Write out each entry below exactly. Do not include the images.

Data for this task ::

- Opening Delimiter -

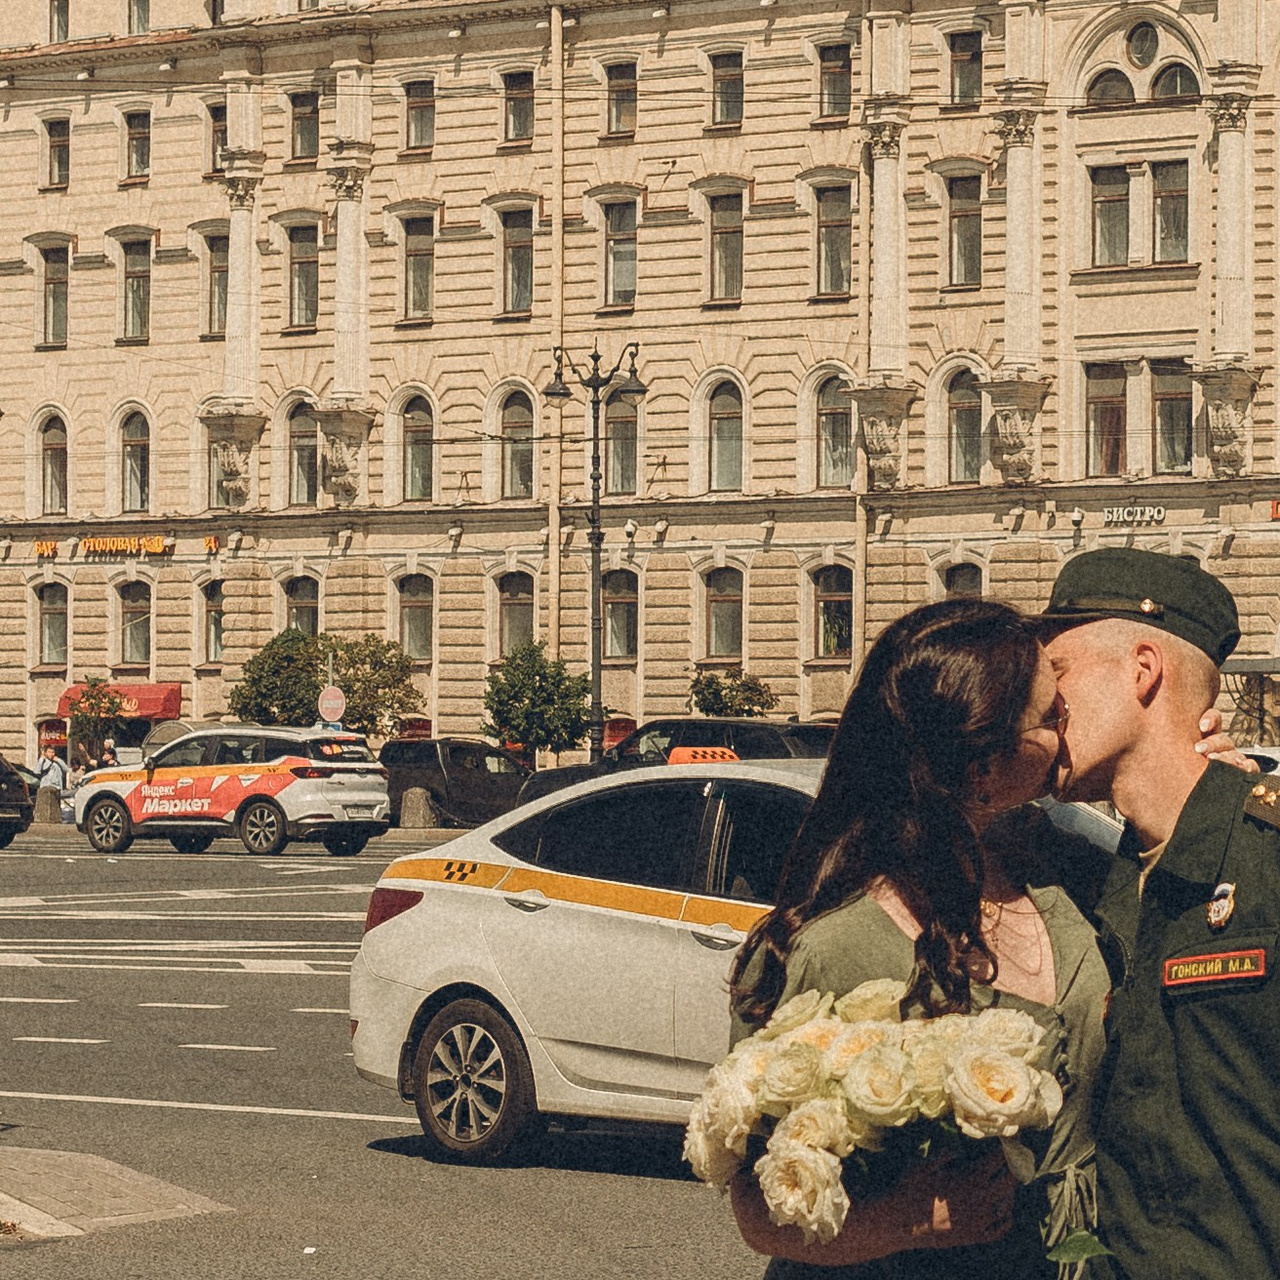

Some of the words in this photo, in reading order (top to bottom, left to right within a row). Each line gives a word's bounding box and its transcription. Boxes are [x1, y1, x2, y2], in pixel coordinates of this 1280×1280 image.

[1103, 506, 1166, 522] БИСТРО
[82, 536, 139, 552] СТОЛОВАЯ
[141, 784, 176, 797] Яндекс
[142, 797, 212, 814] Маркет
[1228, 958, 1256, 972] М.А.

- Closing Delimiter -

Task solution ::
Some of the words in this photo, in reading order (top to bottom, left to right within a row). Each line gives a word's bounding box and its transcription. Boxes are [x1, y1, x2, y2], in pixel coordinates of this 1280×1280 image.

[1103, 506, 1166, 522] БИСТРО
[82, 536, 139, 552] СТОЛОВАЯ
[141, 784, 176, 797] Яндекс
[142, 797, 212, 814] Маркет
[1228, 958, 1256, 972] М.А.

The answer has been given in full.